As a second example, we illustrate suspension at weight for, e.g., SMC inference in Fig. 1e. Here, we require suspensions in the middle of the recursive call to \( iter \), and writing the program in CPS is more challenging. We rewrite the \( iter \) function to take a continuation k as argument, and call the continuation with the return value () at line 3 instead of directly returning () as in Fig. 1a at line 3. This continuation argument k is precisely what allows us to construct and return \(\text {Suspension}_\texttt {weight }\) objects at line 5. To illustrate the suspensions, consider executing the program with likelihood weighting. First, the program returns the object \(\text {Suspension}_\texttt {weight }(f_{\text {Bernoulli}(a_1)}~\text {true}{}, k')\), where \(k'\) is the continuation that line 7 constructs. Likelihood weighting now updates the weight for the execution with the value \(f_{\text {Bernoulli}(a_1)}~\text {true}{}\) and resumes execution by calling \(k'~()\). Similarly, this next execution returns \(\text {Suspension}_\texttt {weight }(f_{\text {Bernoulli}(a_1)}~\text {true}{}, k'')\) for the second recursive call to \( iter \), and we again update the weight and resume by calling \(k''~()\). We similarly encounter \(\text {Suspension}_\texttt {weight }(f_{\text {Bernoulli}(a_1)}~\text {false}{}, k''')\) and \(\text {Suspension}_\texttt {weight }(f_{\text {Bernoulli}(a_1)}~\text {true}{}, k'''')\) before the final call \(k''''~()\) runs the program to termination and produces the actual return value \(a_1\).

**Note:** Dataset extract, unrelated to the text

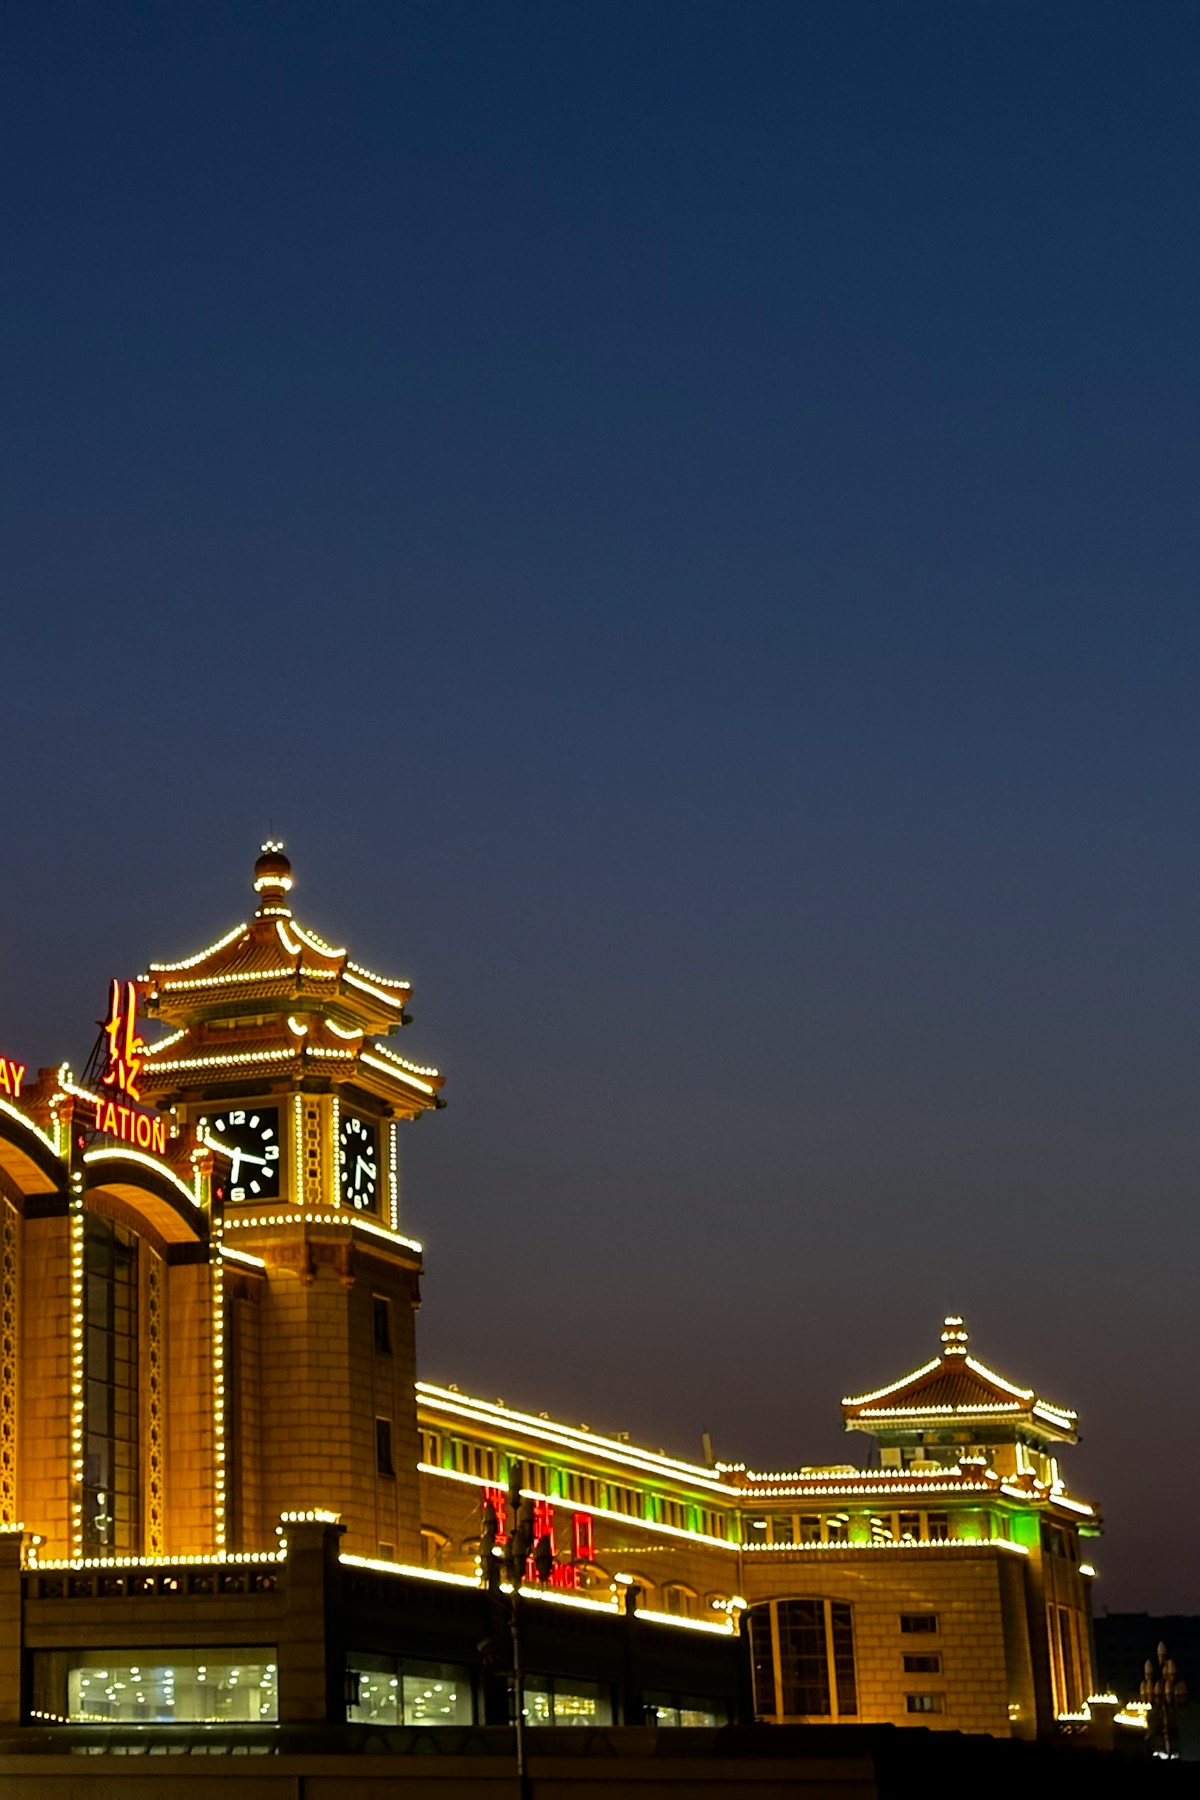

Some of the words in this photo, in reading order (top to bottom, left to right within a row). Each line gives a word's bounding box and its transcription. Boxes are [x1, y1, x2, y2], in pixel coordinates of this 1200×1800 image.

In SMC, we run many executions concurrently and wait until they all have returned a \(\text {Suspension}_\texttt {weight }\) object. At this point, we resample the executions according to their weights (the first value in \(\text {Suspension}_\texttt {weight }\)), which discards executions with low weight and replicates executions with high weight. After resampling, we continue to the next suspension and resampling by calling the continuations.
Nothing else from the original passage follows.